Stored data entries
▼

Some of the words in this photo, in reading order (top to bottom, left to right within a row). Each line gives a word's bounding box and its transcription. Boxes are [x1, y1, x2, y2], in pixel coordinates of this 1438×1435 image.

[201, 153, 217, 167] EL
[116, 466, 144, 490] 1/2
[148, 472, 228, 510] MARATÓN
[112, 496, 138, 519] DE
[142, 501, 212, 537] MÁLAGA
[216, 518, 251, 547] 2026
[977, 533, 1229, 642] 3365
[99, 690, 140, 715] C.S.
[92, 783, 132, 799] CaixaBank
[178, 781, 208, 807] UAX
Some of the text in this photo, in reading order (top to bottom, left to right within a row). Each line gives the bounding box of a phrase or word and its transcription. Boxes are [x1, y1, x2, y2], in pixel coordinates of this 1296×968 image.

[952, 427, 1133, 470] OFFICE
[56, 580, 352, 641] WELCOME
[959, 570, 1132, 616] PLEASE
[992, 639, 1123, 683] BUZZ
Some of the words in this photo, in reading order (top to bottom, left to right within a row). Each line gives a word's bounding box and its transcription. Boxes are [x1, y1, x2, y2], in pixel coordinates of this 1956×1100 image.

▲

Nothing in the data should be altered; please repeat it exactly.

RESULT BELOW:
Some of the words in this photo, in reading order (top to bottom, left to right within a row). Each line gives a word's bounding box and its transcription. Boxes are [x1, y1, x2, y2], in pixel coordinates of this 1438×1435 image.

[201, 153, 217, 167] EL
[116, 466, 144, 490] 1/2
[148, 472, 228, 510] MARATÓN
[112, 496, 138, 519] DE
[142, 501, 212, 537] MÁLAGA
[216, 518, 251, 547] 2026
[977, 533, 1229, 642] 3365
[99, 690, 140, 715] C.S.
[92, 783, 132, 799] CaixaBank
[178, 781, 208, 807] UAX
Some of the text in this photo, in reading order (top to bottom, left to right within a row). Each line gives the bounding box of a phrase or word and its transcription. Boxes are [x1, y1, x2, y2], in pixel coordinates of this 1296×968 image.

[952, 427, 1133, 470] OFFICE
[56, 580, 352, 641] WELCOME
[959, 570, 1132, 616] PLEASE
[992, 639, 1123, 683] BUZZ
Some of the words in this photo, in reading order (top to bottom, left to right within a row). Each line gives a word's bounding box and its transcription. Boxes are [x1, y1, x2, y2], in pixel coordinates of this 1956×1100 image.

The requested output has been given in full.